▶ _Task details_
Print what the records say exactly, and omit the pictures.

▶ _Free-text object descriptions_
--- START ---

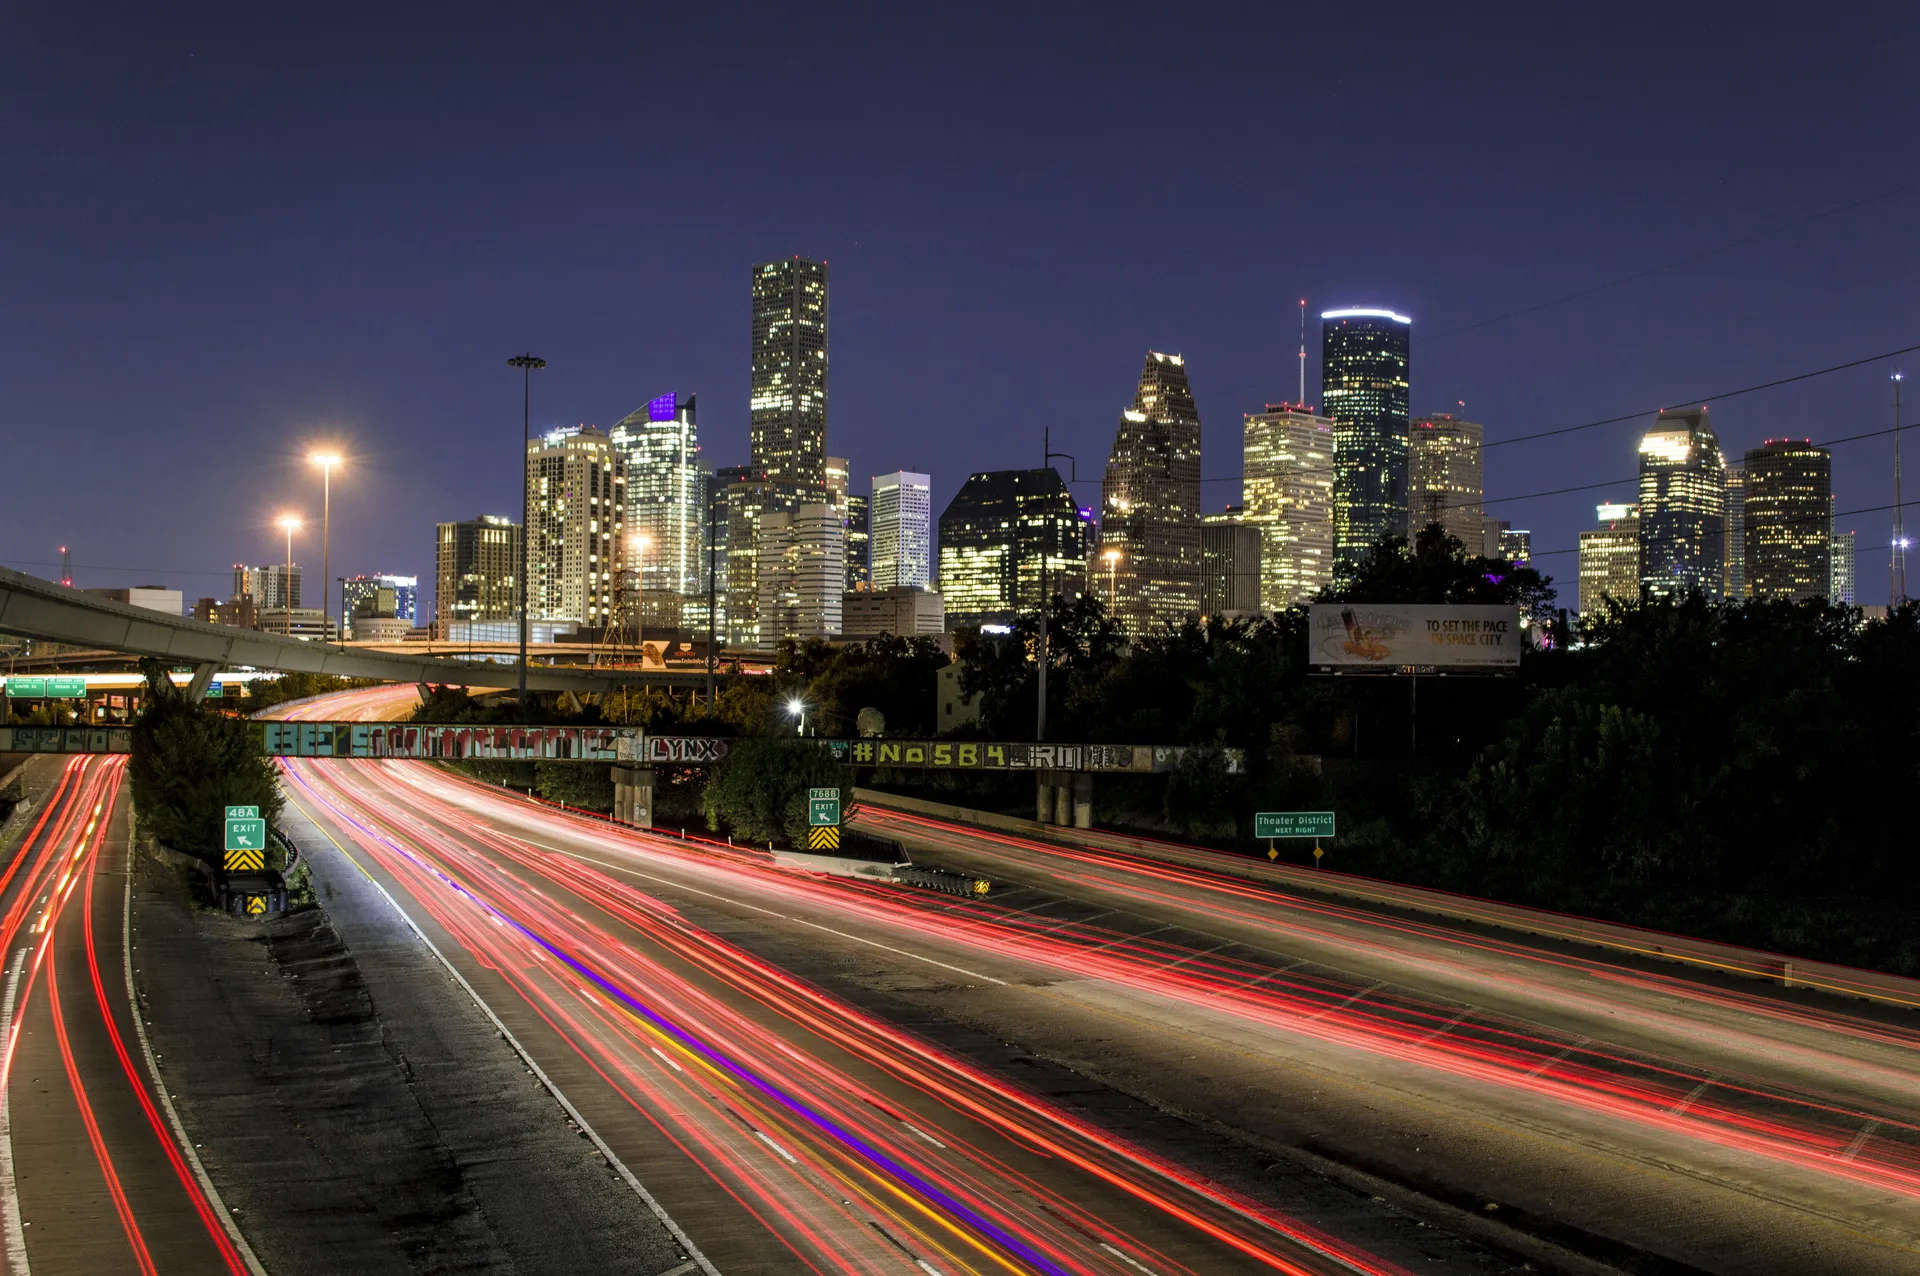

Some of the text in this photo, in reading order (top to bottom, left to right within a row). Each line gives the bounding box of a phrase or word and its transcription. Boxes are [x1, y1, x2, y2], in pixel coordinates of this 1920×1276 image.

[1426, 620, 1508, 632] TO SET THE PACE
[1431, 633, 1503, 646] IN SPACE CITY.
[650, 737, 720, 761] LYNX
[813, 790, 837, 798] 768B
[229, 808, 254, 817] 48A
[1258, 815, 1332, 824] Theater District
[233, 824, 257, 832] EXIT
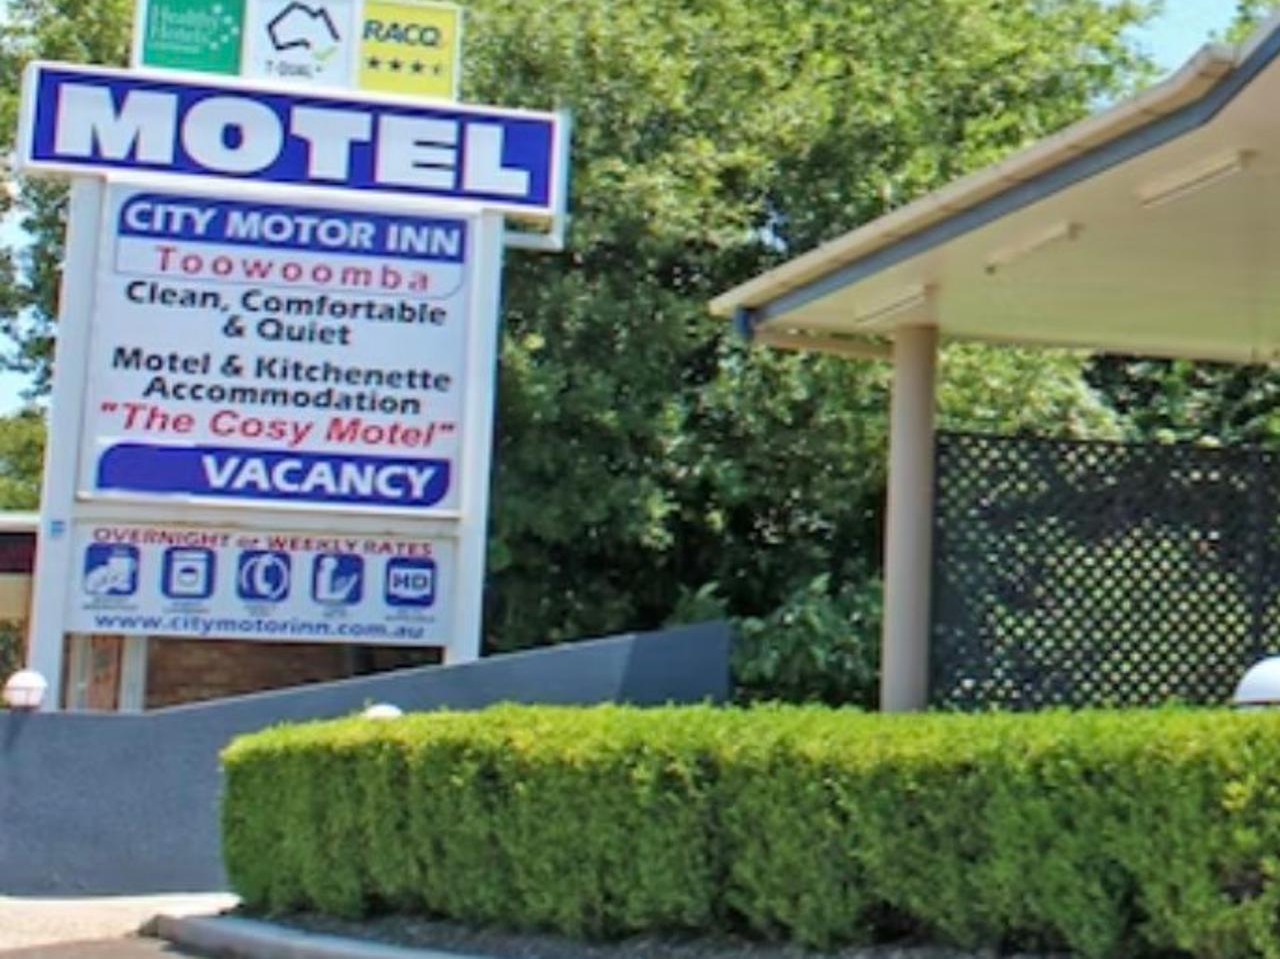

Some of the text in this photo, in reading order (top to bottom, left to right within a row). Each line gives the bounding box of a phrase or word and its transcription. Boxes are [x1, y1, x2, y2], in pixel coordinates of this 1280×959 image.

--- END ---

▶ _Response_
Some of the text in this photo, in reading order (top to bottom, left to right within a row). Each line gives the bounding box of a phrase or word and its transcription. Boxes are [x1, y1, x2, y2], in pixel coordinates of this 1920×1276 image.

[1426, 620, 1508, 632] TO SET THE PACE
[1431, 633, 1503, 646] IN SPACE CITY.
[650, 737, 720, 761] LYNX
[813, 790, 837, 798] 768B
[229, 808, 254, 817] 48A
[1258, 815, 1332, 824] Theater District
[233, 824, 257, 832] EXIT

Some of the text in this photo, in reading order (top to bottom, left to right within a row). Each line gives the bounding box of a phrase or word and its transcription. Boxes are [x1, y1, x2, y2], in pixel coordinates of this 1280×959 image.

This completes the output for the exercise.